La longue interview de Christian Léourier ne m’a pas laissé indifférent. J’ai vraiment découvert un auteur incontournable, essentiel dans le paysage français de la littérature de l’imaginaire. Son analyse du contexte (et pas seulement historique ni conjoncturel) semble très juste et on comprend assez vite pourquoi il voue désormais son imagination à la littérature jeunesse. Un auteur à suivre !

Je terminerai avec l’analyse, du non moins fameux Professeur Lehoucq, de la potentielle fin du monde de 2012. Alors oui, je pars en connaissant la fin de l’histoire, puisque j’écris ce billet le 1er juin 2014 et qu’il n’y a pas eu l’ombre d’un cataclysme depuis le 21 décembre 2012. Me voilà donc rassuré.
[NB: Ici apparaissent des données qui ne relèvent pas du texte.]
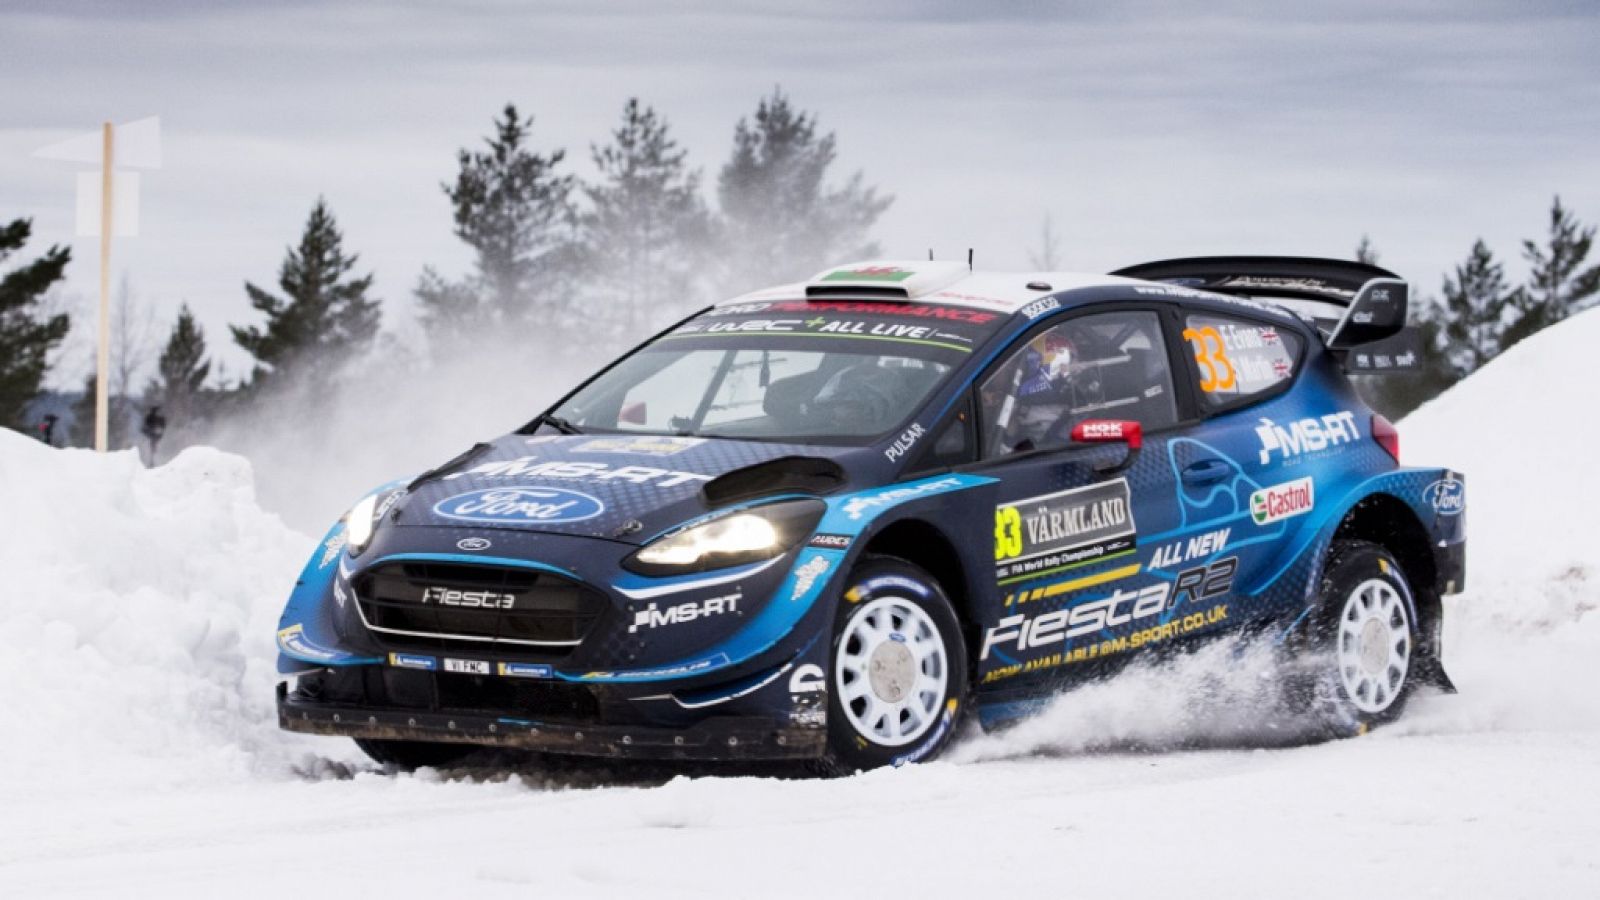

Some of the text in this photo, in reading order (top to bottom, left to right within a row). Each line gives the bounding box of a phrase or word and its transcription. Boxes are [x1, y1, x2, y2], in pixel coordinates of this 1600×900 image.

Ici il étudie le calendrier Maya, la place des planètes dans notre système solaire, du trou noir au centre de notre galaxie et le réchauffement de notre chère Gaïa. Un très bon moment de lecture.

Parlons peu, parlons couv’ !

Je n’avais encore jamais vu une couverture aussi peu lisible. On a vraiment du mal à distinguer de quoi il s’agit, de quoi veut nous parler Simon Goinard, l’auteur. L’illsutration est très (trop ?) graphique, peut-être trop sombre aussi. ce sera bien la première fois que les accroches et titres prennent le dessus dans le cas d’une couverture de Bifrost.